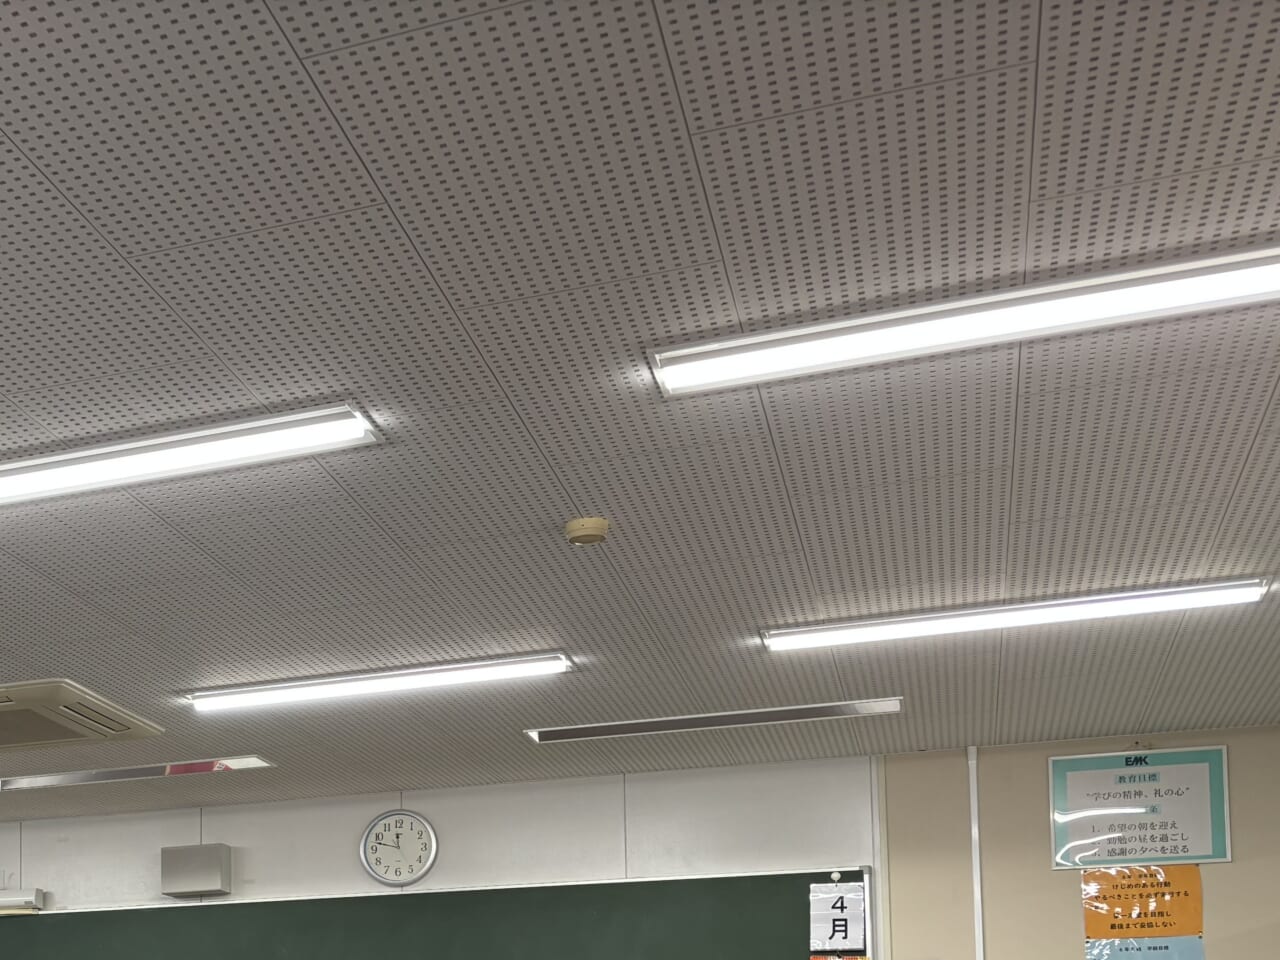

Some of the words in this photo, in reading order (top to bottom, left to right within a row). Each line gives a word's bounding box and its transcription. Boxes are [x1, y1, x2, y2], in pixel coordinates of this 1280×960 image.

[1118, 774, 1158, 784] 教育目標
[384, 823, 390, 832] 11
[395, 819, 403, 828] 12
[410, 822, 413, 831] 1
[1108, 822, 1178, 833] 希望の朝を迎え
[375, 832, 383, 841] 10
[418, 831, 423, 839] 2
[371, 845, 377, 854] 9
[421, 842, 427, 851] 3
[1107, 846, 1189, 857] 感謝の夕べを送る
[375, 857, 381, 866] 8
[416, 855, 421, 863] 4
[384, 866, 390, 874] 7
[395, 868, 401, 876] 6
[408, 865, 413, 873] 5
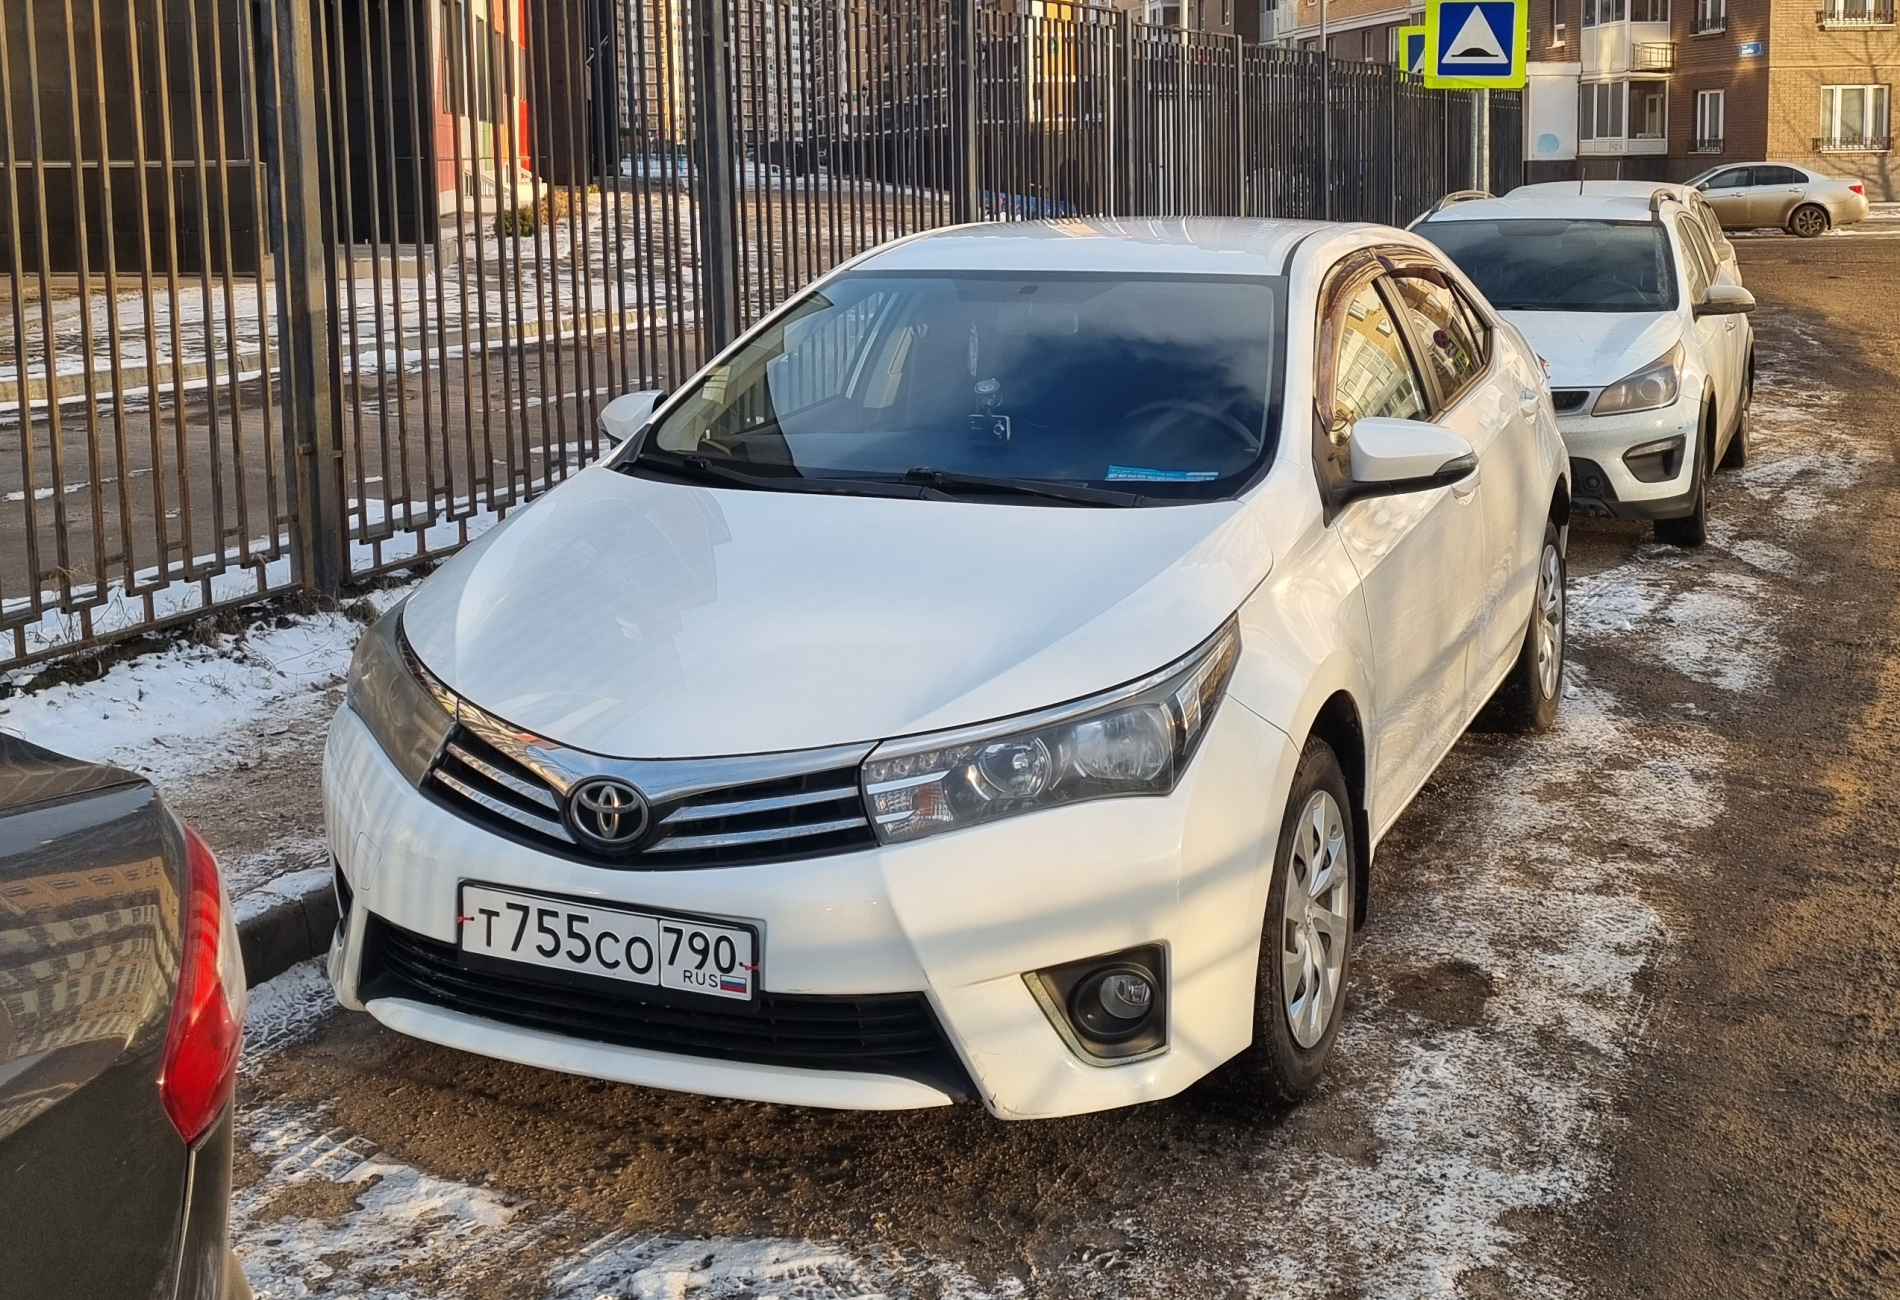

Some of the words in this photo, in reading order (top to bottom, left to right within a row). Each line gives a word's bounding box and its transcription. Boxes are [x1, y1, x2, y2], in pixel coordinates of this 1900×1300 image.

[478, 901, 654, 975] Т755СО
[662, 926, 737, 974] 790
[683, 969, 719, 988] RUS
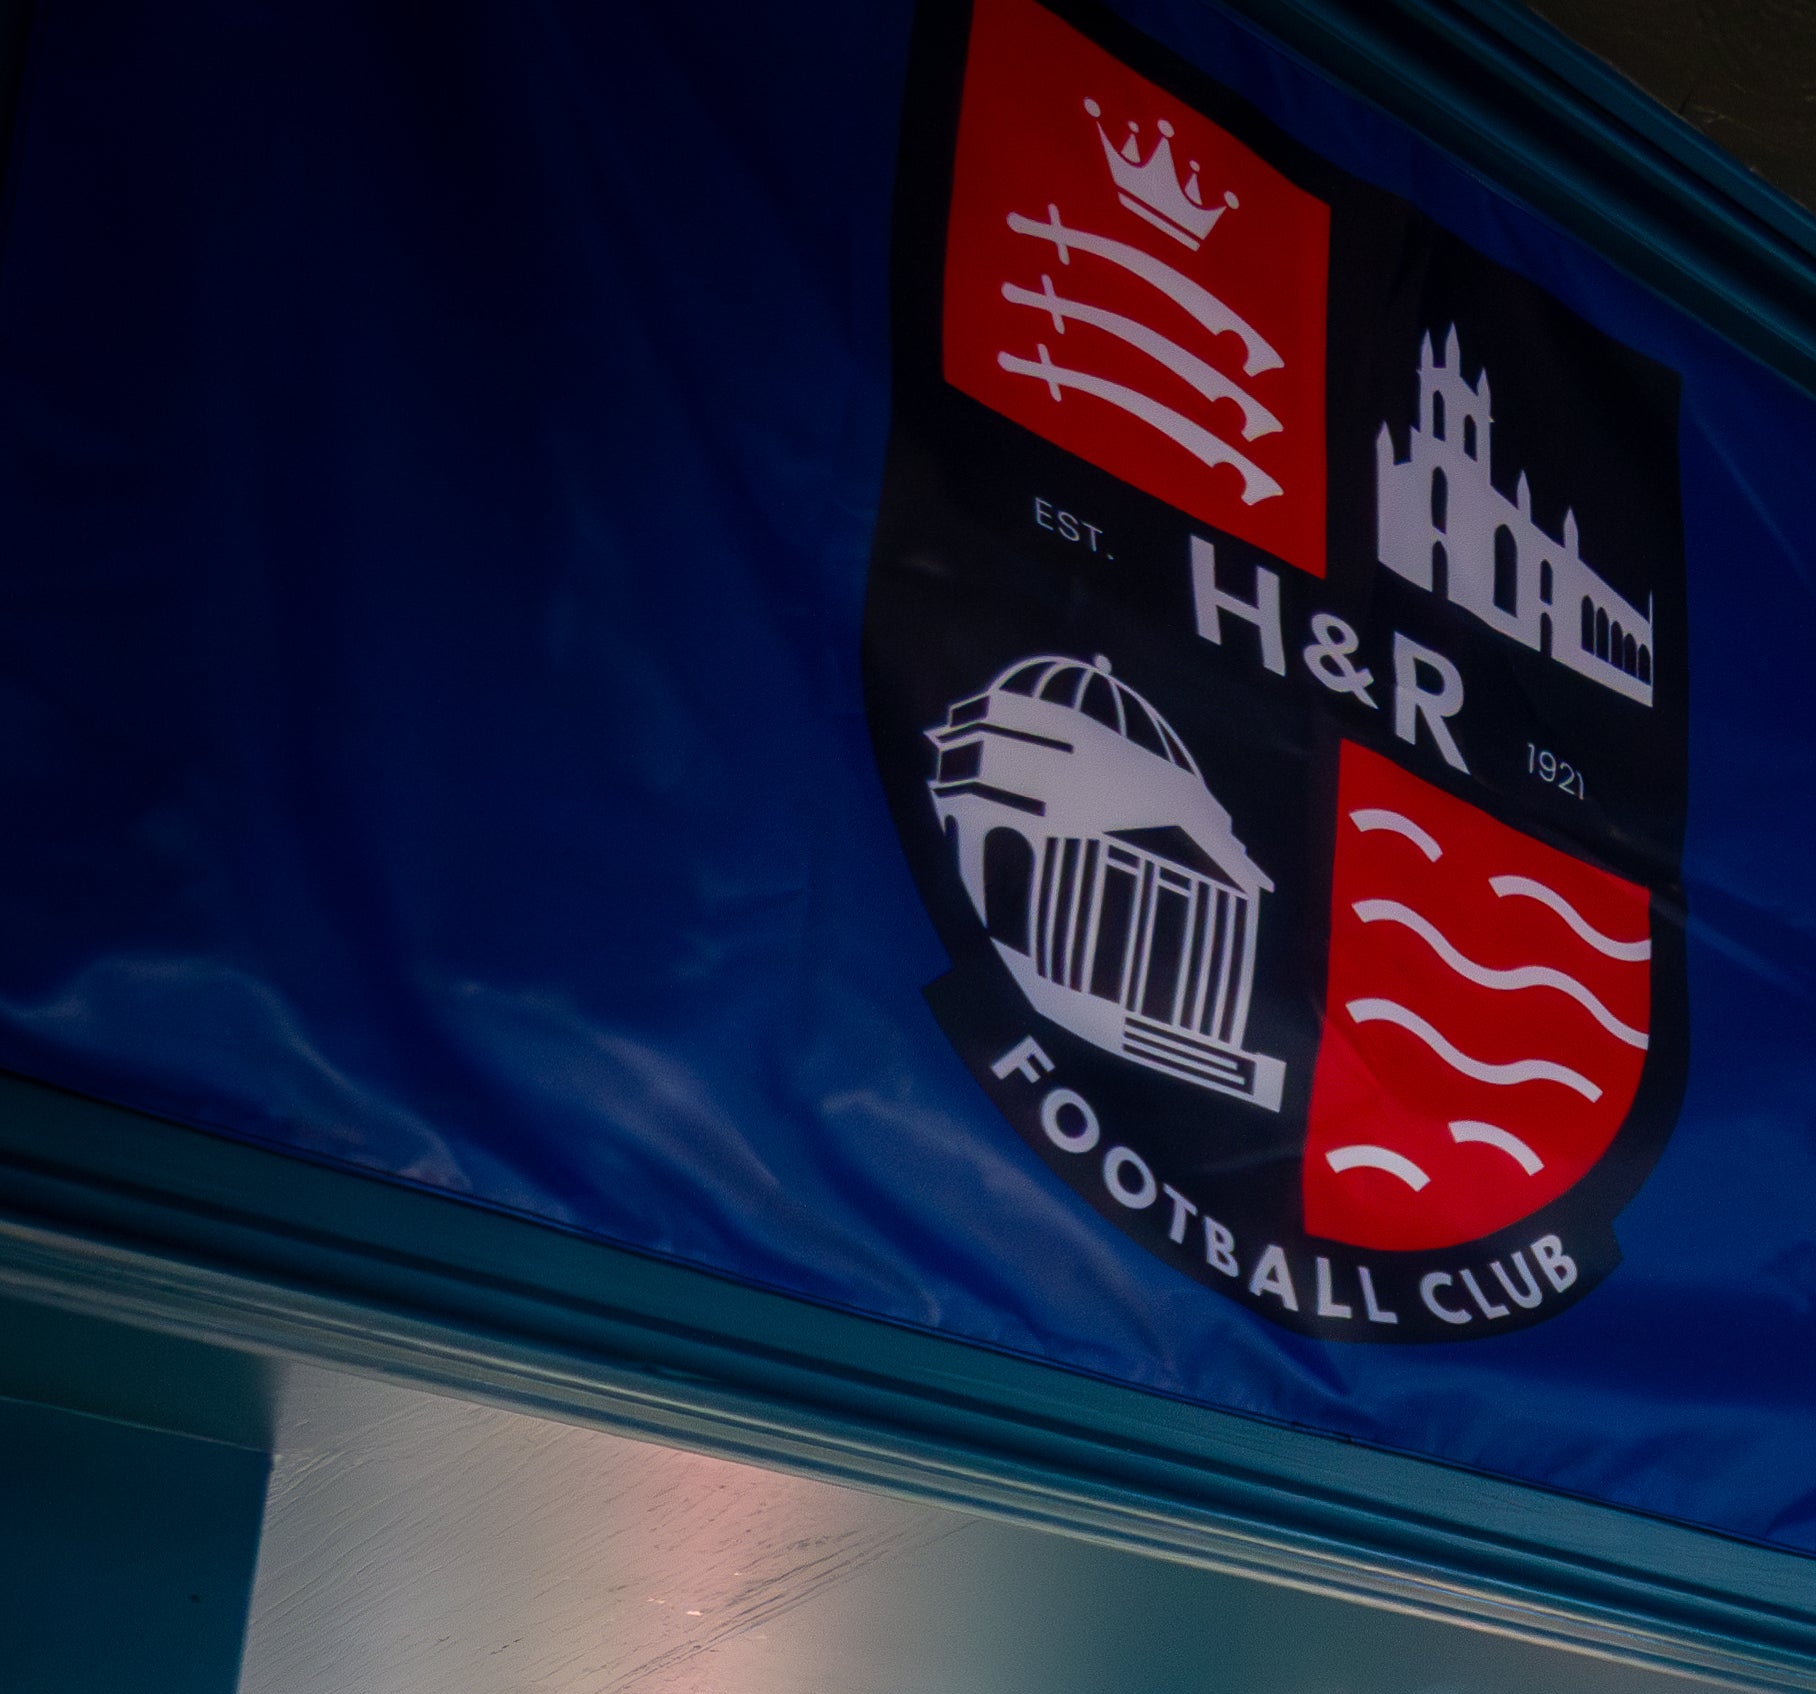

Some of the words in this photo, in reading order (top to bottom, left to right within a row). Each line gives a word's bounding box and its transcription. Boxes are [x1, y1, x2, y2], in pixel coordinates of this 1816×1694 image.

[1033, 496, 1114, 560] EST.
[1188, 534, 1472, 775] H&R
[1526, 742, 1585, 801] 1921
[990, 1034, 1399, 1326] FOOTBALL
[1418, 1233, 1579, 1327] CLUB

-*-

**AIM OF THE EXERCISE**
I would like an exact copy of the lines from the one holding "this 1900×1300 image." through the last line of the entries above, with the pictures left out.

**RESPONSE TO THIS TASK**
Some of the words in this photo, in reading order (top to bottom, left to right within a row). Each line gives a word's bounding box and its transcription. Boxes are [x1, y1, x2, y2], in pixel coordinates of this 1900×1300 image.

[478, 901, 654, 975] Т755СО
[662, 926, 737, 974] 790
[683, 969, 719, 988] RUS

Some of the words in this photo, in reading order (top to bottom, left to right within a row). Each line gives a word's bounding box and its transcription. Boxes are [x1, y1, x2, y2], in pixel coordinates of this 1816×1694 image.

[1033, 496, 1114, 560] EST.
[1188, 534, 1472, 775] H&R
[1526, 742, 1585, 801] 1921
[990, 1034, 1399, 1326] FOOTBALL
[1418, 1233, 1579, 1327] CLUB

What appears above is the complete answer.